Work task: Reproduce each entry exactly as it reads. Leave the images out.

Dataset records:
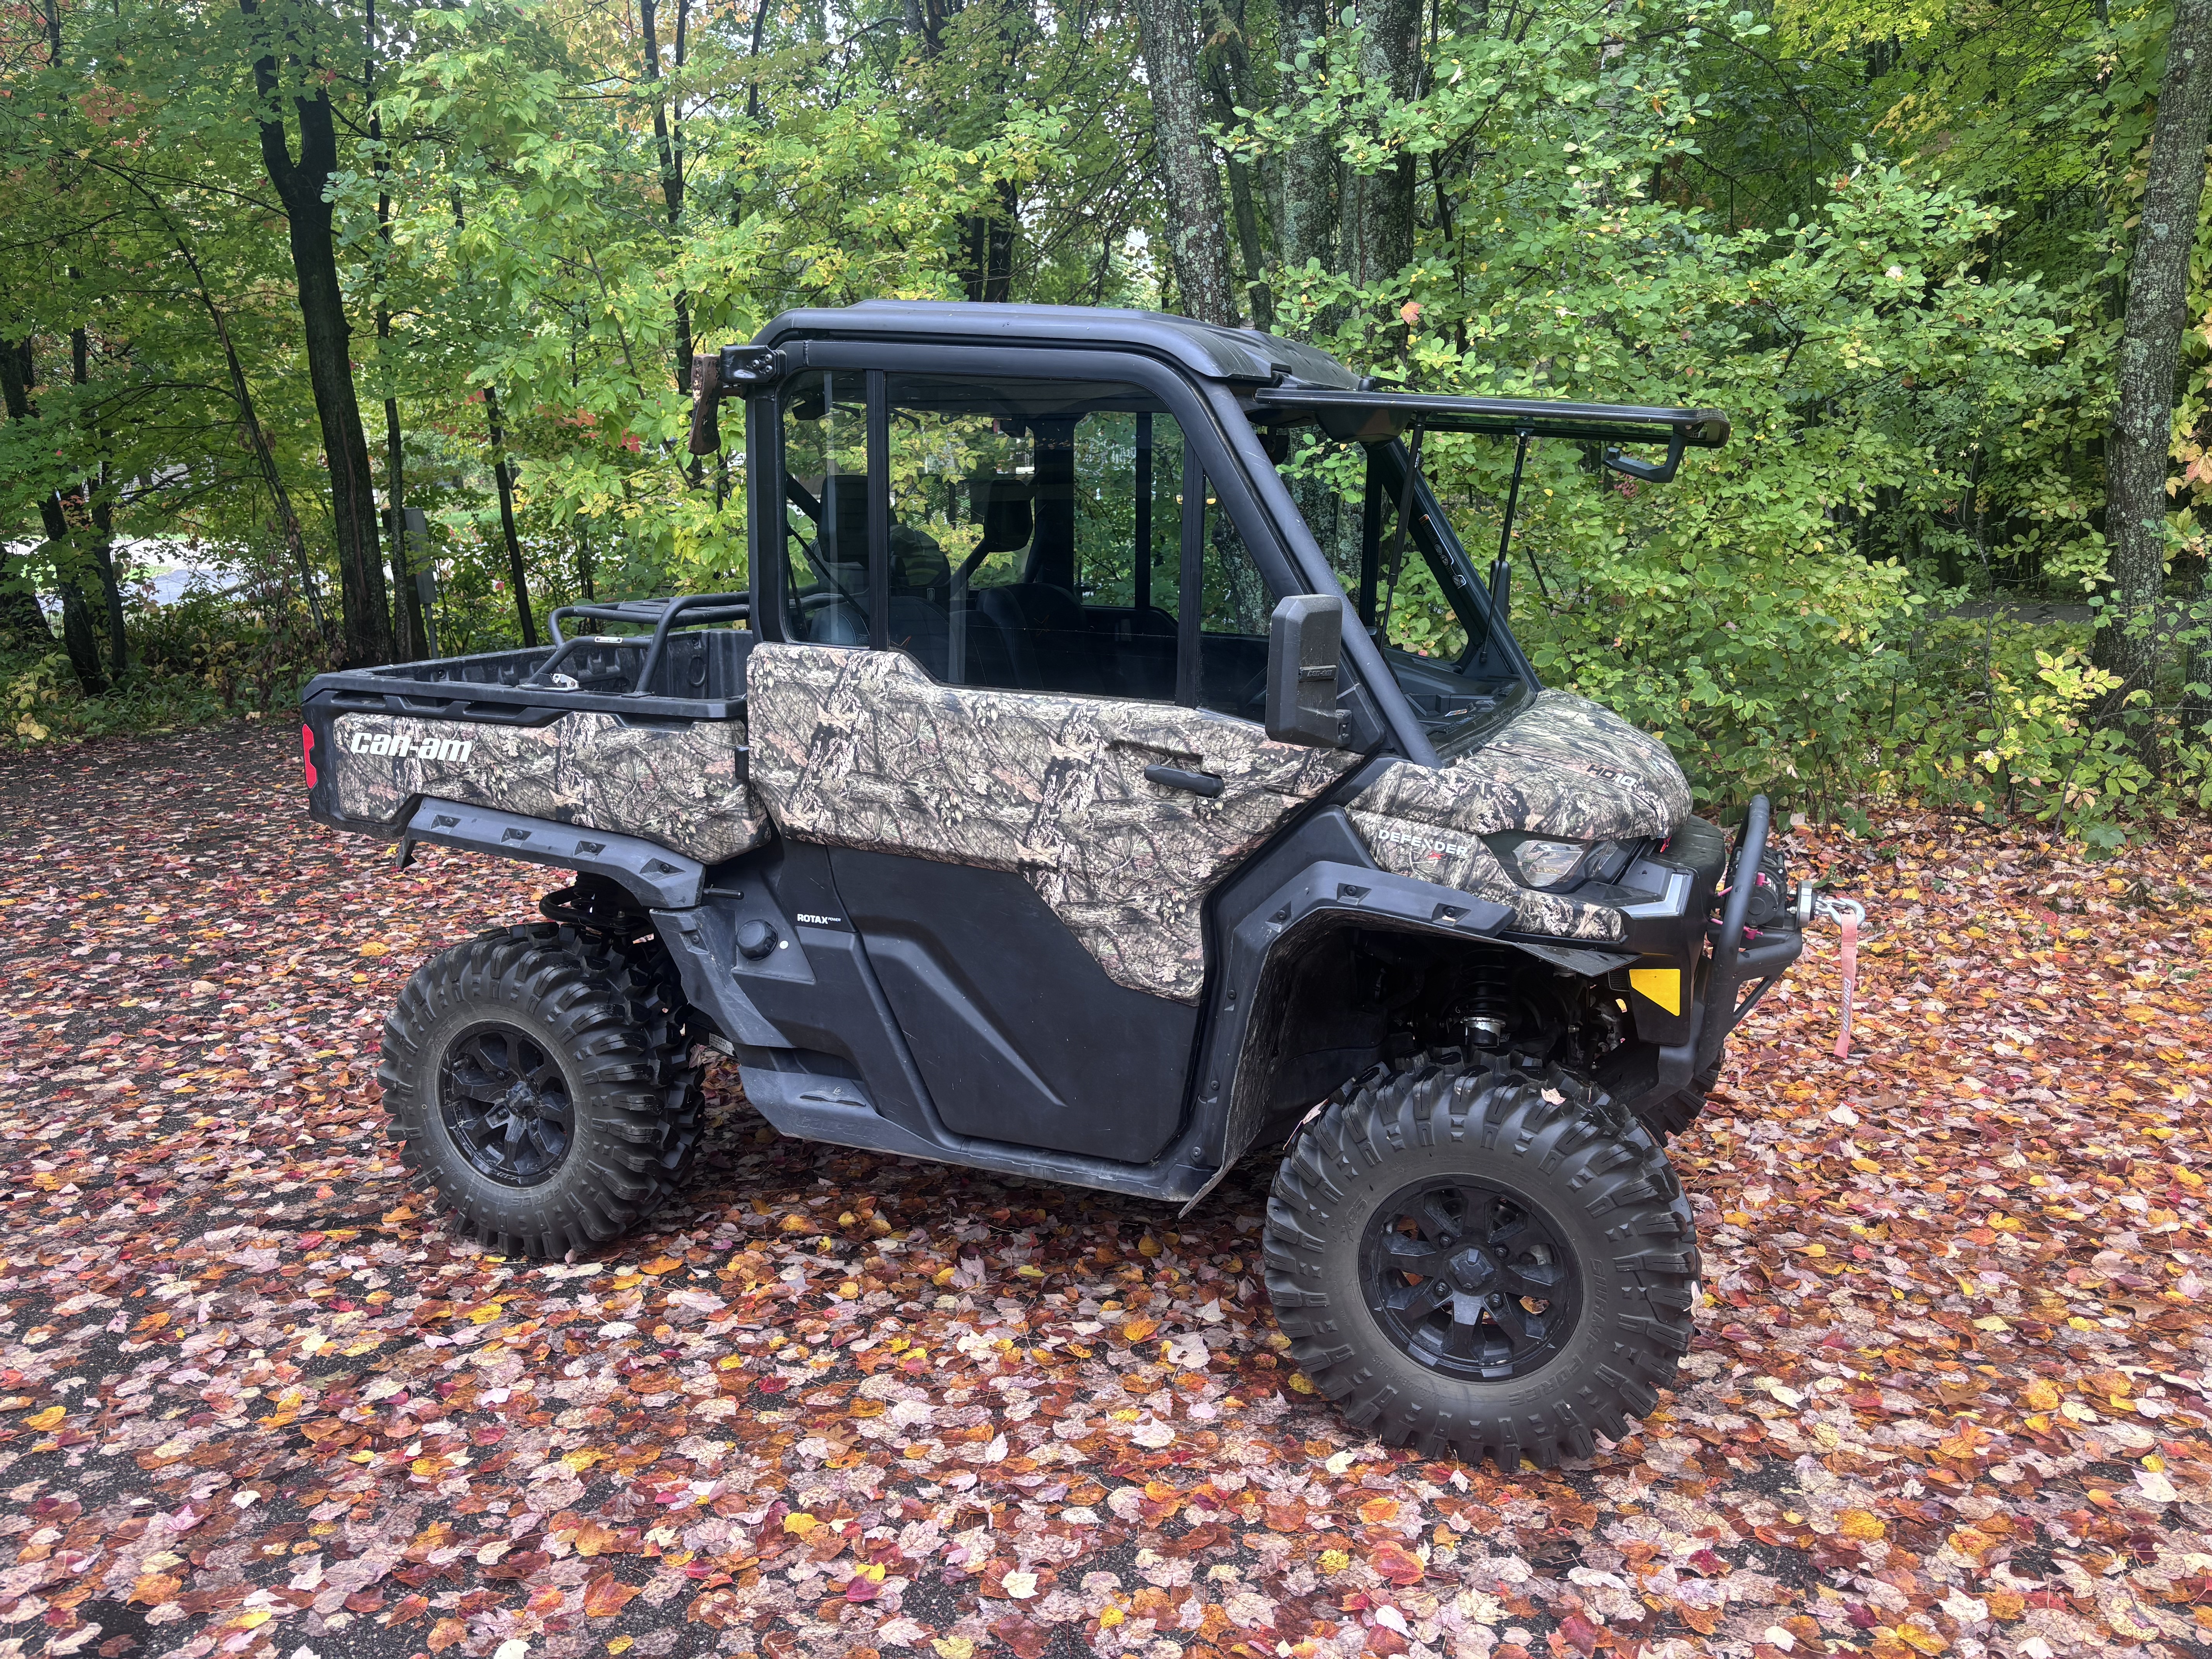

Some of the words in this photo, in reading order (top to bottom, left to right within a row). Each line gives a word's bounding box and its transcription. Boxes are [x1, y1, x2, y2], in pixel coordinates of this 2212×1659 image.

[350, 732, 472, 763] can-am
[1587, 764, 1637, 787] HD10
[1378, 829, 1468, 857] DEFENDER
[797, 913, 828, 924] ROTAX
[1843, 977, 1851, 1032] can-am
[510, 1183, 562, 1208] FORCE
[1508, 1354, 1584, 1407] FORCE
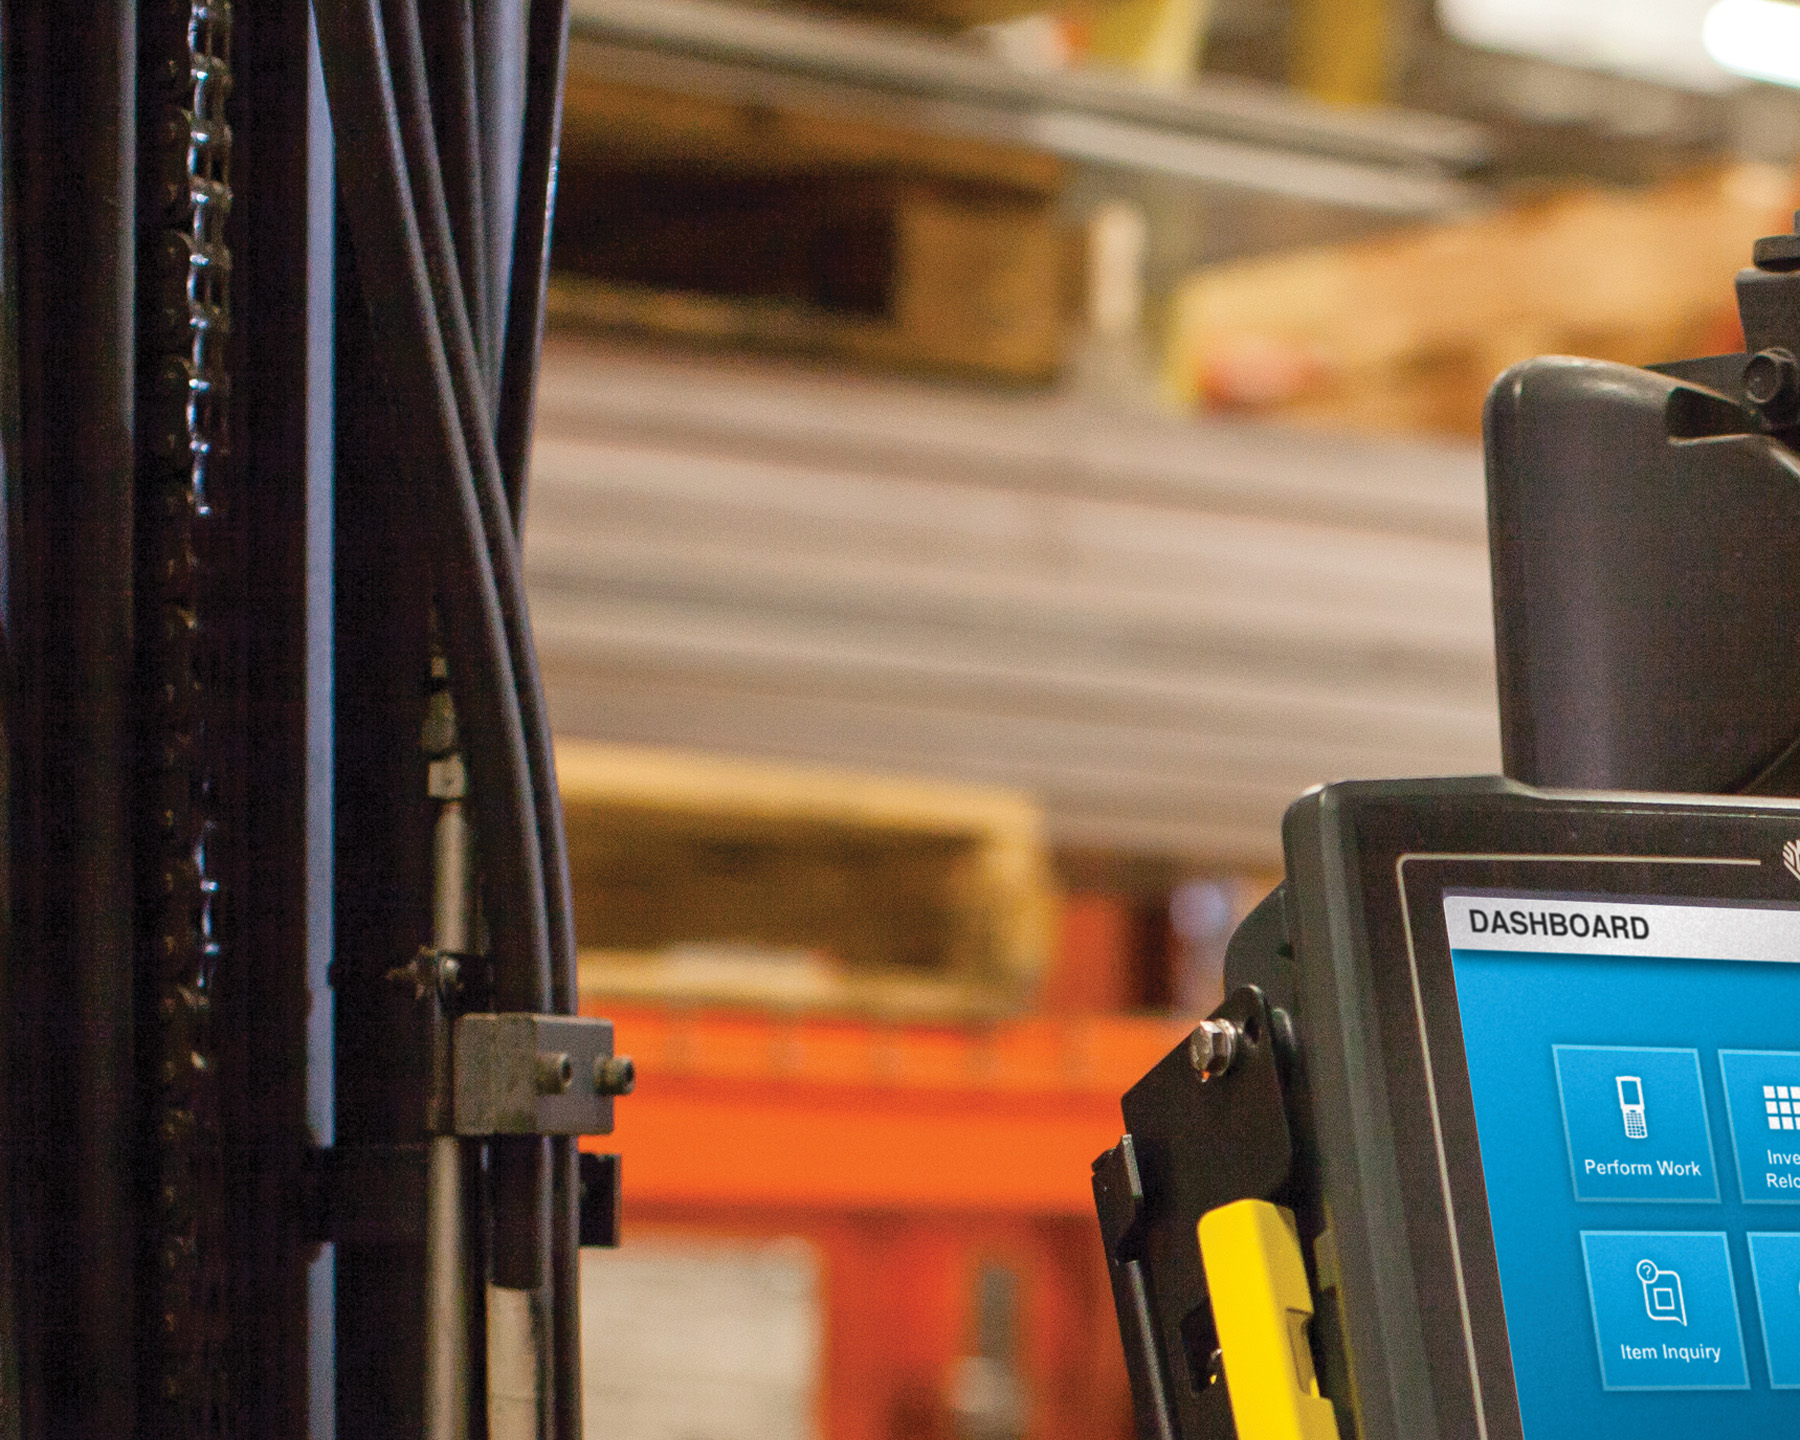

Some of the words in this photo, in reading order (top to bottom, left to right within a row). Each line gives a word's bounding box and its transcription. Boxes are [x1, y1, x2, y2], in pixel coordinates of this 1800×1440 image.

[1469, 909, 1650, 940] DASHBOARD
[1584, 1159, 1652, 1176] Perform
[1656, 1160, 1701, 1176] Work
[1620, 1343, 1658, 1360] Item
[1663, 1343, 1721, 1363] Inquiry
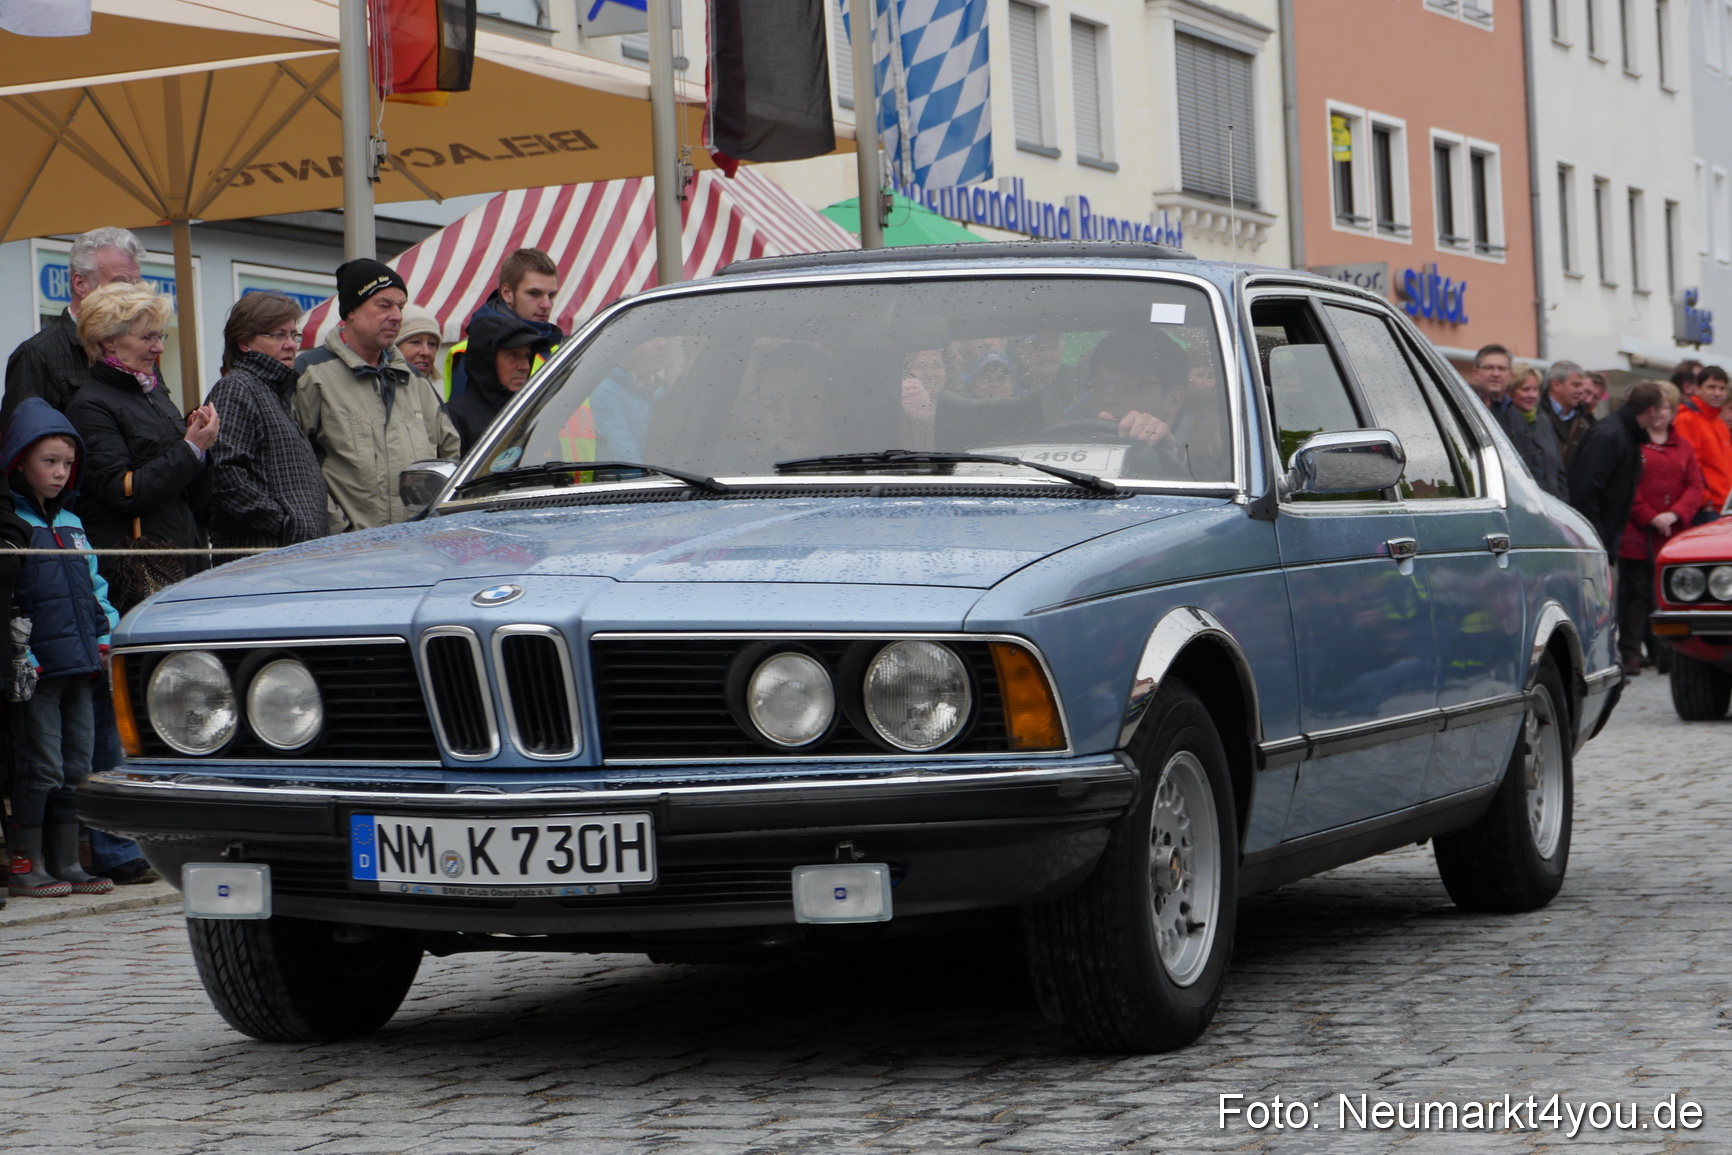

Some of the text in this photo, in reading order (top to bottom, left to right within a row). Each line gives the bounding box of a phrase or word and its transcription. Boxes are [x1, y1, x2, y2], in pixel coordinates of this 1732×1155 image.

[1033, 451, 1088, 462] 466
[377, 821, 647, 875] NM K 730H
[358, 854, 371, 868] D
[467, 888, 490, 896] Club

Solution to this exercise:
Some of the words in this photo, in reading order (top to bottom, left to right within a row). Each line gives a word's bounding box and its transcription. Boxes are [x1, y1, x2, y2], in pixel coordinates of this 2212×1659 image.

[350, 732, 472, 763] can-am
[1587, 764, 1637, 787] HD10
[1378, 829, 1468, 857] DEFENDER
[797, 913, 828, 924] ROTAX
[1843, 977, 1851, 1032] can-am
[510, 1183, 562, 1208] FORCE
[1508, 1354, 1584, 1407] FORCE

Some of the words in this photo, in reading order (top to bottom, left to right within a row). Each line gives a word's bounding box and its transcription. Boxes are [x1, y1, x2, y2], in pixel coordinates of this 1800×1440 image.

[1469, 909, 1650, 940] DASHBOARD
[1584, 1159, 1652, 1176] Perform
[1656, 1160, 1701, 1176] Work
[1620, 1343, 1658, 1360] Item
[1663, 1343, 1721, 1363] Inquiry

Some of the text in this photo, in reading order (top to bottom, left to right within a row). Each line gives the bounding box of a phrase or word and its transcription. Boxes are [x1, y1, x2, y2], in pixel coordinates of this 1732×1155 image.

[1033, 451, 1088, 462] 466
[377, 821, 647, 875] NM K 730H
[358, 854, 371, 868] D
[467, 888, 490, 896] Club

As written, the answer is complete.